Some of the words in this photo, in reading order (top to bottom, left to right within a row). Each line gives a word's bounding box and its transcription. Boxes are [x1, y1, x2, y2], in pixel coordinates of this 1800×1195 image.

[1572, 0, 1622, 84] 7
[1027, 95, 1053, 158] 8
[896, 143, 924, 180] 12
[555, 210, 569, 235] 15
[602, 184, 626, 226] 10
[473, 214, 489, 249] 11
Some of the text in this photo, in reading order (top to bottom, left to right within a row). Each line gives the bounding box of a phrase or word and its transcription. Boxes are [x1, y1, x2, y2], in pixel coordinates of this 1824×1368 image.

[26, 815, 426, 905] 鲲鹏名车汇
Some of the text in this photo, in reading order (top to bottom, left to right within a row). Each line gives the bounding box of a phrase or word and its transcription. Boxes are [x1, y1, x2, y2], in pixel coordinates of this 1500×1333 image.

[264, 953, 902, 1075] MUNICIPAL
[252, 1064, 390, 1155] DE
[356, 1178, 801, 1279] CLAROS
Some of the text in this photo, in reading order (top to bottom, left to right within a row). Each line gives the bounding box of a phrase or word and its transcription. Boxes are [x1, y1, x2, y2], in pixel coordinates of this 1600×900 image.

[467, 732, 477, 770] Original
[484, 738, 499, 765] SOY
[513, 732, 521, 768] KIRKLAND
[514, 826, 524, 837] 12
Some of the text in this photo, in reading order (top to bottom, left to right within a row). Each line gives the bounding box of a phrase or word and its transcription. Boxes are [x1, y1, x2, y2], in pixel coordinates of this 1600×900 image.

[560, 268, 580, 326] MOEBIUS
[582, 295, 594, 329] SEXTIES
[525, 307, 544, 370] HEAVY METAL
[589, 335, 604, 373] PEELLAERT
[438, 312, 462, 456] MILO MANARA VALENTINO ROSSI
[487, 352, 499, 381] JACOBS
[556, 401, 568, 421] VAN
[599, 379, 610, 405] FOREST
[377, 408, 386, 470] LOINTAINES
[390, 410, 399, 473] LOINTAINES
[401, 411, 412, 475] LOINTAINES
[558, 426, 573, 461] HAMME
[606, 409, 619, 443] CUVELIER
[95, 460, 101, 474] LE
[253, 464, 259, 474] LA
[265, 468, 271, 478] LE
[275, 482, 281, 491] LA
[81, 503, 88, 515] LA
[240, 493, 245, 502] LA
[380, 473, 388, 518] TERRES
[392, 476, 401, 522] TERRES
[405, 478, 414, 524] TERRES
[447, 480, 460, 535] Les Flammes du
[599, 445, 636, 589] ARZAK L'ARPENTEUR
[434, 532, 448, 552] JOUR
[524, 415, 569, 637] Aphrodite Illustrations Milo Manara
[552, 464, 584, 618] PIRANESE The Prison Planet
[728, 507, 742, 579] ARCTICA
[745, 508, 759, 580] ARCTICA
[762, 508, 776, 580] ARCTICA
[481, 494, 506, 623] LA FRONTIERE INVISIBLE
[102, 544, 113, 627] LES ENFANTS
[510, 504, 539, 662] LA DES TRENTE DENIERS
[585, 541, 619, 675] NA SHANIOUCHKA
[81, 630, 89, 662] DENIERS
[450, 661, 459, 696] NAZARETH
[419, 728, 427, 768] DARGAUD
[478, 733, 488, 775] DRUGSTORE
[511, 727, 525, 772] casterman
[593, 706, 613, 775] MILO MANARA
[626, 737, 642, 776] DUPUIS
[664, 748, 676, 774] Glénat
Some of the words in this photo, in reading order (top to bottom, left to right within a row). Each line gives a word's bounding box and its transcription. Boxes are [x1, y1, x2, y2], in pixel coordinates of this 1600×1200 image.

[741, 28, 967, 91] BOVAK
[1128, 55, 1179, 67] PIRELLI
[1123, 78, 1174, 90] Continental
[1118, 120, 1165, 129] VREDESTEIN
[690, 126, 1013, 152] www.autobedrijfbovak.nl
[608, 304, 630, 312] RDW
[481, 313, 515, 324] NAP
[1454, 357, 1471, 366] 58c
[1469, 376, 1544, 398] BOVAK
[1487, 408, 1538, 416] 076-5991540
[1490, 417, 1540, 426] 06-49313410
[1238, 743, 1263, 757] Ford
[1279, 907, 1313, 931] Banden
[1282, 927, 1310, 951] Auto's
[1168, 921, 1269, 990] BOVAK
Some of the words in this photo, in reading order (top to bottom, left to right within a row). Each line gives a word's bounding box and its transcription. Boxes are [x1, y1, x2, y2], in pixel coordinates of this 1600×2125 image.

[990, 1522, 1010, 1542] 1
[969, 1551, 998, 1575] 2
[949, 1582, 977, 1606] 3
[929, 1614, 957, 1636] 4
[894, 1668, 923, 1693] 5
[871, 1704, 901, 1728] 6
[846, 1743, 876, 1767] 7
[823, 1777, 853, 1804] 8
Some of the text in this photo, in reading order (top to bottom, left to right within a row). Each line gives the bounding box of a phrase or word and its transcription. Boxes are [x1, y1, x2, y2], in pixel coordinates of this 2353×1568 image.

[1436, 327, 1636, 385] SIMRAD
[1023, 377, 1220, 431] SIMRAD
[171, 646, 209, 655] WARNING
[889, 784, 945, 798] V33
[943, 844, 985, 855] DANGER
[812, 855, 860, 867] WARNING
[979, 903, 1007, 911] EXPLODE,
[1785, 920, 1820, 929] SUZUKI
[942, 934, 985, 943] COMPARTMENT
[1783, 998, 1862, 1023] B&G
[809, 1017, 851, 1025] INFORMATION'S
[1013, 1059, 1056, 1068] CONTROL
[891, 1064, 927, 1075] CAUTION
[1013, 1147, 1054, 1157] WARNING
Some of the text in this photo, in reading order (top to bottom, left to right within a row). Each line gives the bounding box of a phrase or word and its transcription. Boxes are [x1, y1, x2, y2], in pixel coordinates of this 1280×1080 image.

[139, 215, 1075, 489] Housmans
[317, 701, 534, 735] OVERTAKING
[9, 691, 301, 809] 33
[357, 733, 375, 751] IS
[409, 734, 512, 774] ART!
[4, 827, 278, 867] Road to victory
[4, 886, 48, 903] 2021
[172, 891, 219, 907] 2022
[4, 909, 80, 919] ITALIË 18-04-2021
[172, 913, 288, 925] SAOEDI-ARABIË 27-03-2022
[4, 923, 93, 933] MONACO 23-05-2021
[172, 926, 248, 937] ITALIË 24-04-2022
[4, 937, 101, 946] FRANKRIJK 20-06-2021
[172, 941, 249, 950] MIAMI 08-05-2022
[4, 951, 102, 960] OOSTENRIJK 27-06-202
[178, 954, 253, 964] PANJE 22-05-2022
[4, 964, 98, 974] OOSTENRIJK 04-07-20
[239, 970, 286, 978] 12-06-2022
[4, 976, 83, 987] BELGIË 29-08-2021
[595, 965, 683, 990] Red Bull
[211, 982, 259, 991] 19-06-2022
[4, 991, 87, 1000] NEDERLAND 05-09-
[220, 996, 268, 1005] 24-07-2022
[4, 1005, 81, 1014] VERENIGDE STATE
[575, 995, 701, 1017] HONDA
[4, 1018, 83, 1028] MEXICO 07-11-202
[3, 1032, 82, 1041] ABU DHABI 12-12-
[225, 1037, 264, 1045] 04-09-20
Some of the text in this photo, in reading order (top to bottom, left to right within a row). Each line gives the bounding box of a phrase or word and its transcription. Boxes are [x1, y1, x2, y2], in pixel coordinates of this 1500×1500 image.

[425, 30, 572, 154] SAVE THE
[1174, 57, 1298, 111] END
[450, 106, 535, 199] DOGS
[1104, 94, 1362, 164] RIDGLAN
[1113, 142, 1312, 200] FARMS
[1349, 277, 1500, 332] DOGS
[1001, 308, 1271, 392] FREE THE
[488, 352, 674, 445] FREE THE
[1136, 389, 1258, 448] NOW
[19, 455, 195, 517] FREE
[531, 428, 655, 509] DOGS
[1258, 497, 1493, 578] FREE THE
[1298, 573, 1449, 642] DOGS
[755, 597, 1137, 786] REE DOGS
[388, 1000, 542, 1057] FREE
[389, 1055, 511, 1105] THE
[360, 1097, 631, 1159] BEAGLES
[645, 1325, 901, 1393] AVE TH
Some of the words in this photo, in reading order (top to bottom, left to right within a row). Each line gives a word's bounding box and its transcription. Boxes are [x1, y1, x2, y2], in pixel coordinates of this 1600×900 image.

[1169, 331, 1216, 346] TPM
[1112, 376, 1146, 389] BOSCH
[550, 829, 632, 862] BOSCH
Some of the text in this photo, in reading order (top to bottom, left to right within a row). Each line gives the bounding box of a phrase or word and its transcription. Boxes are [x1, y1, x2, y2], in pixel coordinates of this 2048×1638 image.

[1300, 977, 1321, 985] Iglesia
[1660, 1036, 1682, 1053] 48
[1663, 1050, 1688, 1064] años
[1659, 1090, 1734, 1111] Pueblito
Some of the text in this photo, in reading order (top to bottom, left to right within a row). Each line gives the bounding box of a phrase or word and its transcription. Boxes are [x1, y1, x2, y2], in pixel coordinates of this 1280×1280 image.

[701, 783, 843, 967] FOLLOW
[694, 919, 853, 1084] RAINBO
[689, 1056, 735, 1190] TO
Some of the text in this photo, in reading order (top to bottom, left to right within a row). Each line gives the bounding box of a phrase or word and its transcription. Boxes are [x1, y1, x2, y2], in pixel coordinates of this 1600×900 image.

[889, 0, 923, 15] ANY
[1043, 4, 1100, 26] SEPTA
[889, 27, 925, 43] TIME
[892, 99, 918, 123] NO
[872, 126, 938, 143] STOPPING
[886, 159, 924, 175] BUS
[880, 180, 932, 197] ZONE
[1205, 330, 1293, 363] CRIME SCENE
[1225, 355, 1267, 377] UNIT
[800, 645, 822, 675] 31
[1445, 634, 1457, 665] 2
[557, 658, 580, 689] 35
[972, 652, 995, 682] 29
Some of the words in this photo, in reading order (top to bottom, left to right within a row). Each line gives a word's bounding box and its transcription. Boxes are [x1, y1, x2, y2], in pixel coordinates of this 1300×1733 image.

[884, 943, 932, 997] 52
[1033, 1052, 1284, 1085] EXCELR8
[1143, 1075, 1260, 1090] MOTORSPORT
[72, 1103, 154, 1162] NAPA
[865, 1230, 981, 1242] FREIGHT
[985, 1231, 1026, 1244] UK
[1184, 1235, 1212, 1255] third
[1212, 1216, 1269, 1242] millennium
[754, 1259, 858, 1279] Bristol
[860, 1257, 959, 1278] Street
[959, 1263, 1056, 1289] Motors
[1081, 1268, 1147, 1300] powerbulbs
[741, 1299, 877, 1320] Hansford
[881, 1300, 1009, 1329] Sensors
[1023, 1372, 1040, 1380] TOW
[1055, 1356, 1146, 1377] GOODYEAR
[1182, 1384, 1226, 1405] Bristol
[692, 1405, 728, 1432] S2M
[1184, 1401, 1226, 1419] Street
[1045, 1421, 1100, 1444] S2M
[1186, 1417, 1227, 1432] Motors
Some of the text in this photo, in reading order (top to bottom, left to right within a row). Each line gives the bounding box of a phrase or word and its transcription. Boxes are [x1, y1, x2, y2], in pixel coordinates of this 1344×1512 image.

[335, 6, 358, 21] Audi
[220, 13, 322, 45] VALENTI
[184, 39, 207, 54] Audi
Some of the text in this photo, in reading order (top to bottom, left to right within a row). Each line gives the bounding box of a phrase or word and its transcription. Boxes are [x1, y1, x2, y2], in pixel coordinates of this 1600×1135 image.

Work task: Reproduce the line containing "this 1300×1733 image." and every line after it. Stop at the last line of the records, and add nothing.

Answer space:
Some of the words in this photo, in reading order (top to bottom, left to right within a row). Each line gives a word's bounding box and its transcription. Boxes are [x1, y1, x2, y2], in pixel coordinates of this 1300×1733 image.

[884, 943, 932, 997] 52
[1033, 1052, 1284, 1085] EXCELR8
[1143, 1075, 1260, 1090] MOTORSPORT
[72, 1103, 154, 1162] NAPA
[865, 1230, 981, 1242] FREIGHT
[985, 1231, 1026, 1244] UK
[1184, 1235, 1212, 1255] third
[1212, 1216, 1269, 1242] millennium
[754, 1259, 858, 1279] Bristol
[860, 1257, 959, 1278] Street
[959, 1263, 1056, 1289] Motors
[1081, 1268, 1147, 1300] powerbulbs
[741, 1299, 877, 1320] Hansford
[881, 1300, 1009, 1329] Sensors
[1023, 1372, 1040, 1380] TOW
[1055, 1356, 1146, 1377] GOODYEAR
[1182, 1384, 1226, 1405] Bristol
[692, 1405, 728, 1432] S2M
[1184, 1401, 1226, 1419] Street
[1045, 1421, 1100, 1444] S2M
[1186, 1417, 1227, 1432] Motors
Some of the text in this photo, in reading order (top to bottom, left to right within a row). Each line gives the bounding box of a phrase or word and its transcription. Boxes are [x1, y1, x2, y2], in pixel coordinates of this 1344×1512 image.

[335, 6, 358, 21] Audi
[220, 13, 322, 45] VALENTI
[184, 39, 207, 54] Audi
Some of the text in this photo, in reading order (top to bottom, left to right within a row). Each line gives the bounding box of a phrase or word and its transcription. Boxes are [x1, y1, x2, y2], in pixel coordinates of this 1600×1135 image.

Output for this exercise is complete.